### Task brief
Return all the data verbatim but without images.

----- Data -----

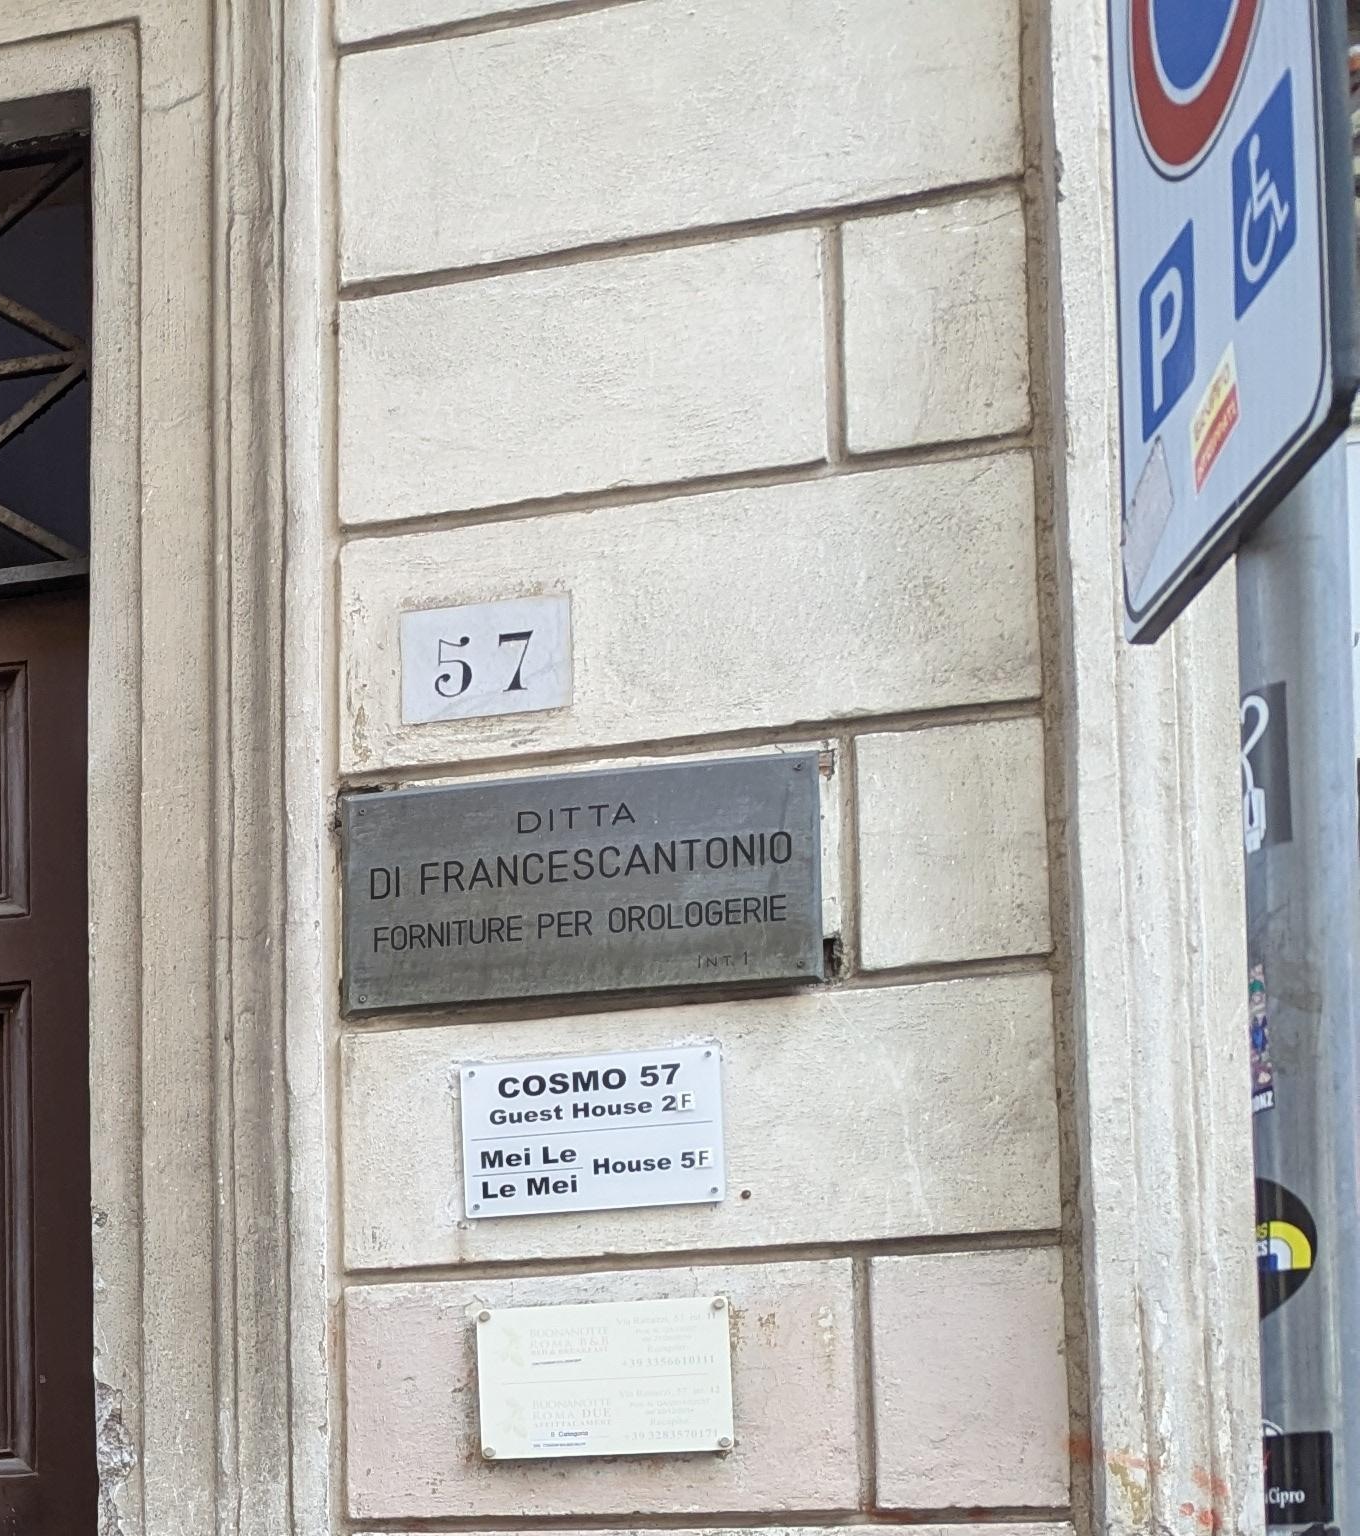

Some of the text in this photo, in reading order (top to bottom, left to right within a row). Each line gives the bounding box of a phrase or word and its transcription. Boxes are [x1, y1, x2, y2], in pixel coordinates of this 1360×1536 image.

[1152, 266, 1182, 411] P
[434, 629, 534, 698] 57
[517, 802, 636, 834] DITTA
[370, 831, 792, 900] DI FRANCESCANTONIO
[373, 895, 787, 952] FORNITURE PER OROLOGERIE
[498, 1063, 681, 1098] COSMO 57
[489, 1105, 563, 1125] Guest
[572, 1101, 652, 1118] House
[480, 1146, 577, 1169] Mei Le
[593, 1156, 672, 1175] House
[482, 1175, 577, 1199] Le Mei
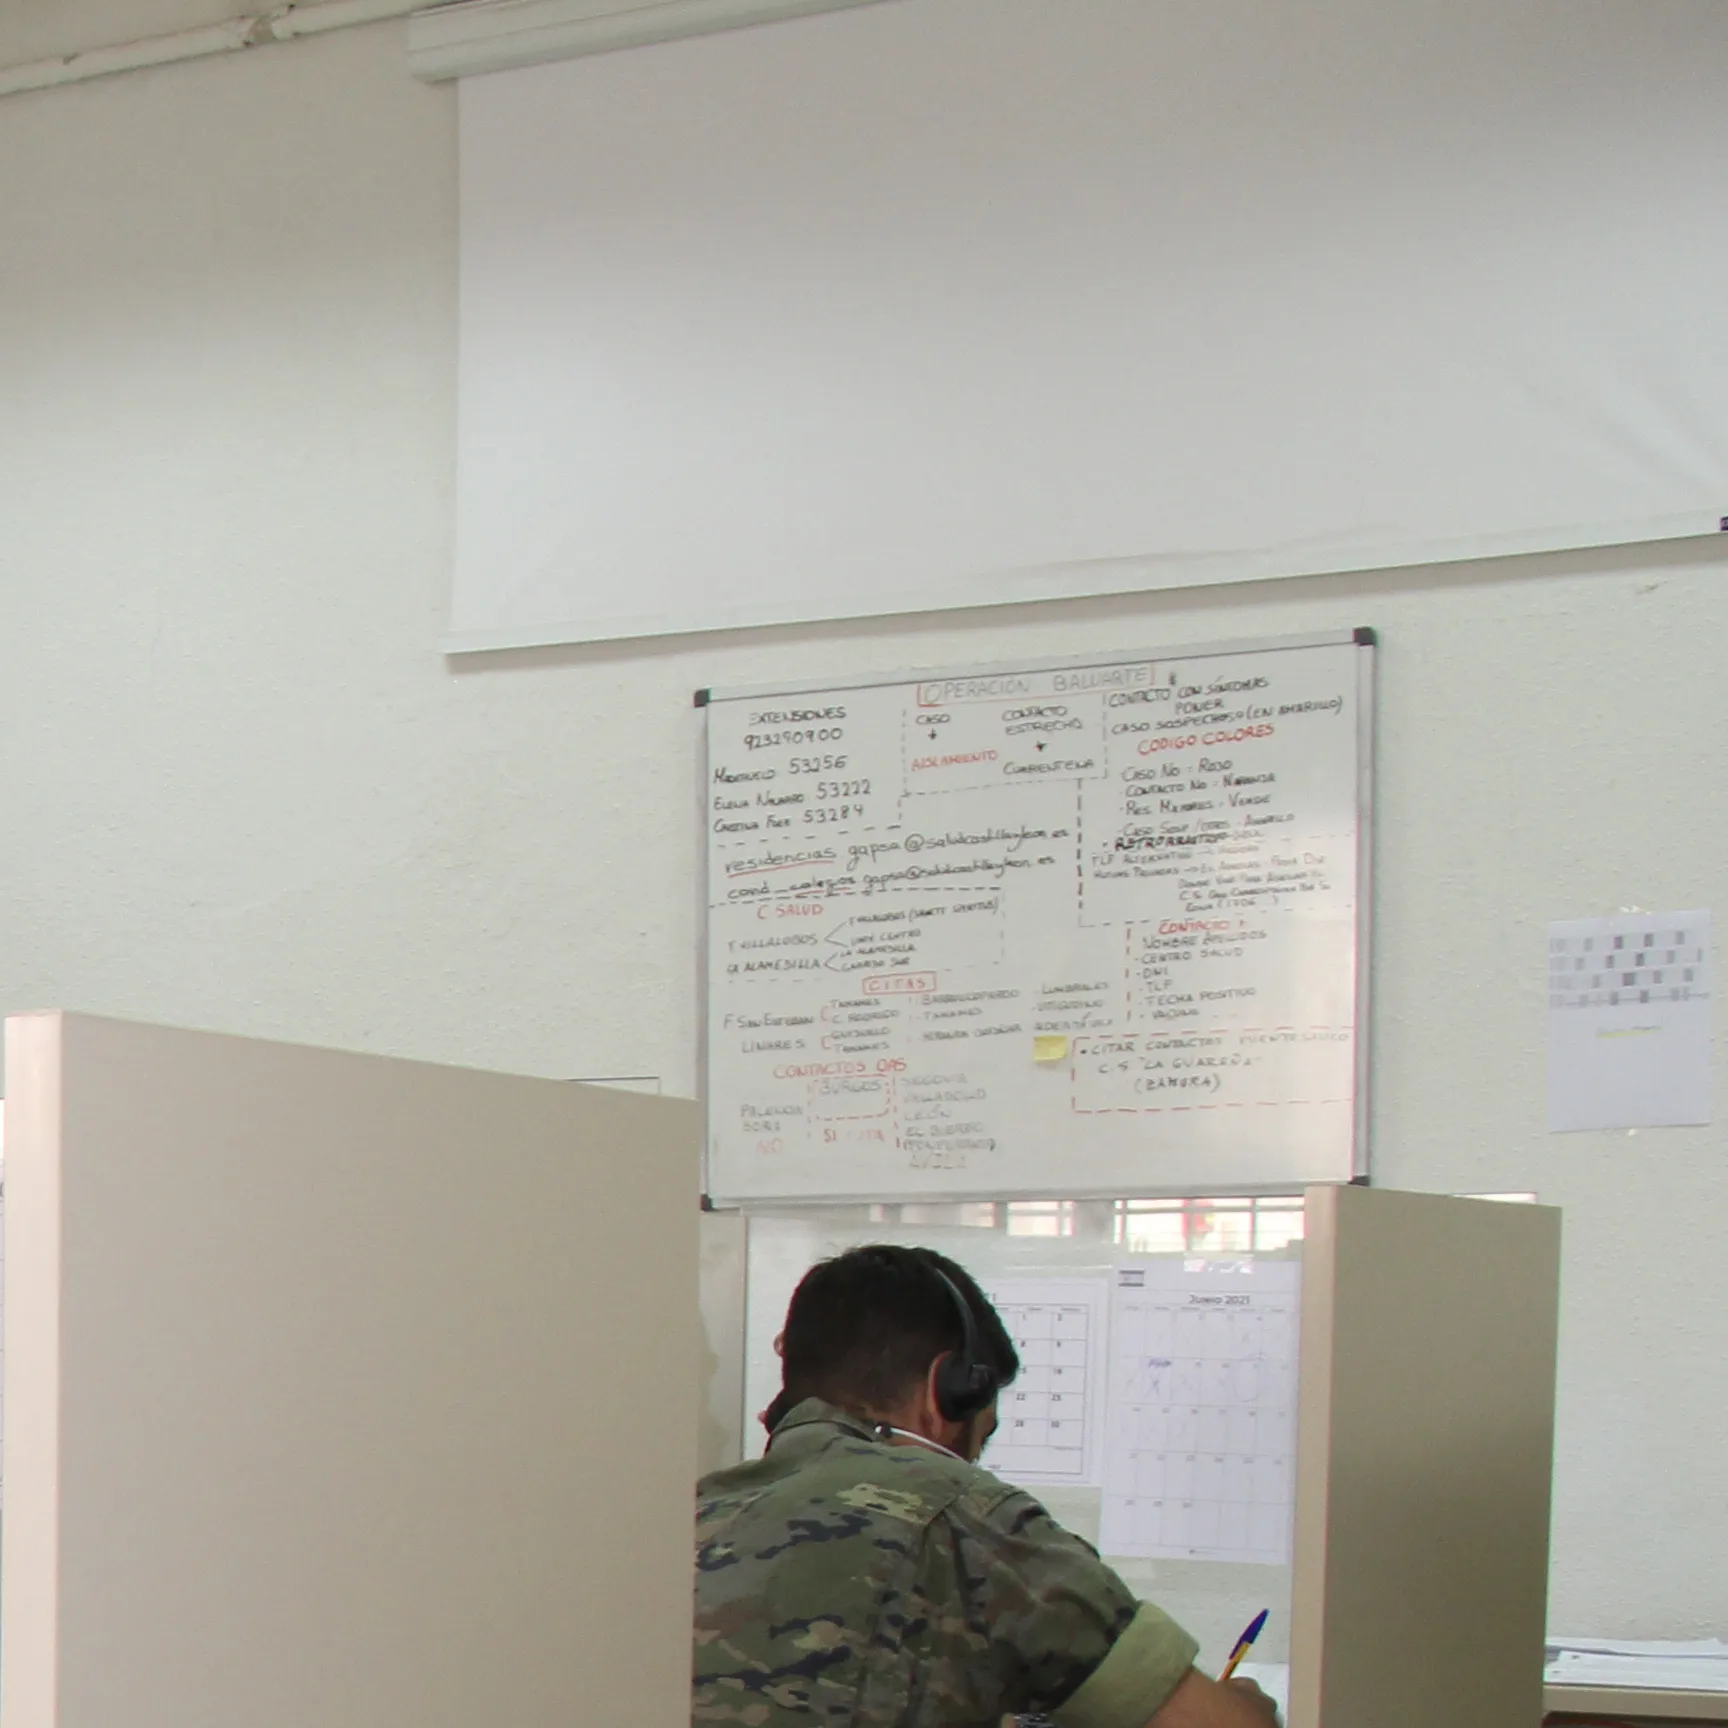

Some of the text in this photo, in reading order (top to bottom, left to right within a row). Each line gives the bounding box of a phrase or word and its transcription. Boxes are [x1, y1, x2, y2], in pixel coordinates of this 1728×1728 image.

[924, 667, 1148, 704] OPERACIÓN BALUARTE
[749, 706, 847, 726] EXTENSIONES
[1202, 722, 1275, 745] COLORES
[789, 755, 848, 774] 53256
[817, 779, 872, 799] 53222
[803, 804, 864, 823] 53284
[725, 847, 837, 873] residencias
[776, 903, 824, 918] SALUD
[1091, 1041, 1135, 1055] CITAR
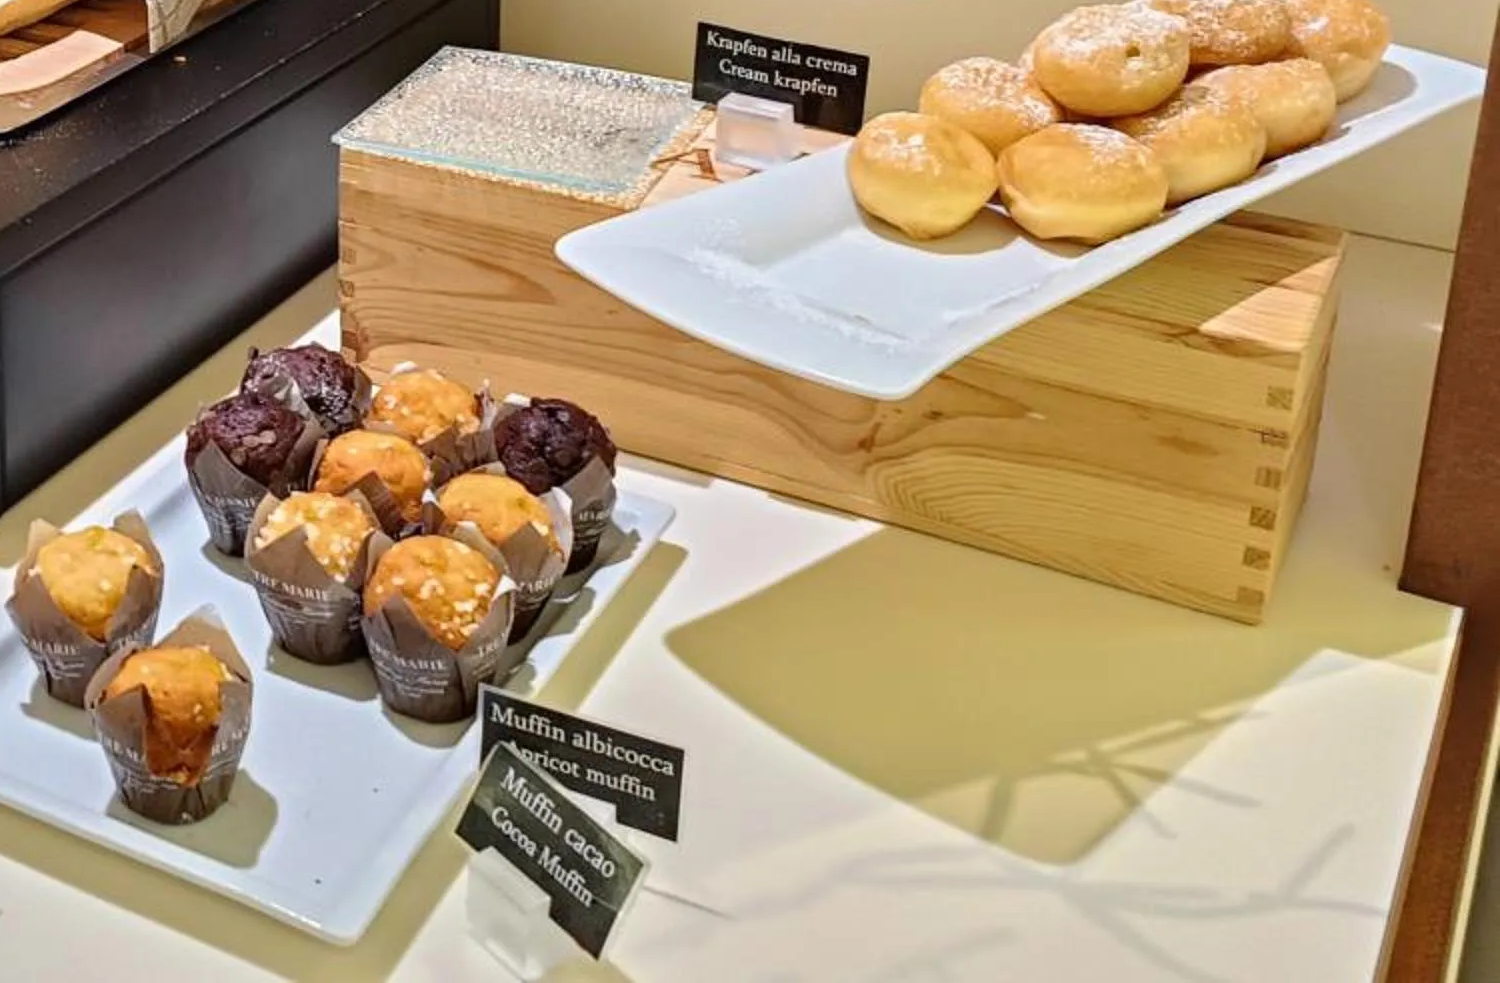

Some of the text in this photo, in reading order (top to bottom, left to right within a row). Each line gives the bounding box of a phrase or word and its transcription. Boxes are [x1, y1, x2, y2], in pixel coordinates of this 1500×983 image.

[706, 30, 858, 76] Krapfen alla crema
[719, 58, 838, 97] Cream krapfen
[281, 582, 329, 601] MARIE
[490, 701, 675, 776] Muffin albicocca
[586, 768, 656, 801] muffin
[500, 767, 616, 878] Muffin cacao
[491, 806, 594, 908] Cocoa Muffin

-----

### Result
Some of the text in this photo, in reading order (top to bottom, left to right within a row). Each line gives the bounding box of a phrase or word and its transcription. Boxes are [x1, y1, x2, y2], in pixel coordinates of this 1360×1536 image.

[1152, 266, 1182, 411] P
[434, 629, 534, 698] 57
[517, 802, 636, 834] DITTA
[370, 831, 792, 900] DI FRANCESCANTONIO
[373, 895, 787, 952] FORNITURE PER OROLOGERIE
[498, 1063, 681, 1098] COSMO 57
[489, 1105, 563, 1125] Guest
[572, 1101, 652, 1118] House
[480, 1146, 577, 1169] Mei Le
[593, 1156, 672, 1175] House
[482, 1175, 577, 1199] Le Mei

Some of the text in this photo, in reading order (top to bottom, left to right within a row). Each line gives the bounding box of a phrase or word and its transcription. Boxes are [x1, y1, x2, y2], in pixel coordinates of this 1728×1728 image.

[924, 667, 1148, 704] OPERACIÓN BALUARTE
[749, 706, 847, 726] EXTENSIONES
[1202, 722, 1275, 745] COLORES
[789, 755, 848, 774] 53256
[817, 779, 872, 799] 53222
[803, 804, 864, 823] 53284
[725, 847, 837, 873] residencias
[776, 903, 824, 918] SALUD
[1091, 1041, 1135, 1055] CITAR

Some of the text in this photo, in reading order (top to bottom, left to right within a row). Each line gives the bounding box of a phrase or word and its transcription. Boxes are [x1, y1, x2, y2], in pixel coordinates of this 1500×983 image.

[706, 30, 858, 76] Krapfen alla crema
[719, 58, 838, 97] Cream krapfen
[281, 582, 329, 601] MARIE
[490, 701, 675, 776] Muffin albicocca
[586, 768, 656, 801] muffin
[500, 767, 616, 878] Muffin cacao
[491, 806, 594, 908] Cocoa Muffin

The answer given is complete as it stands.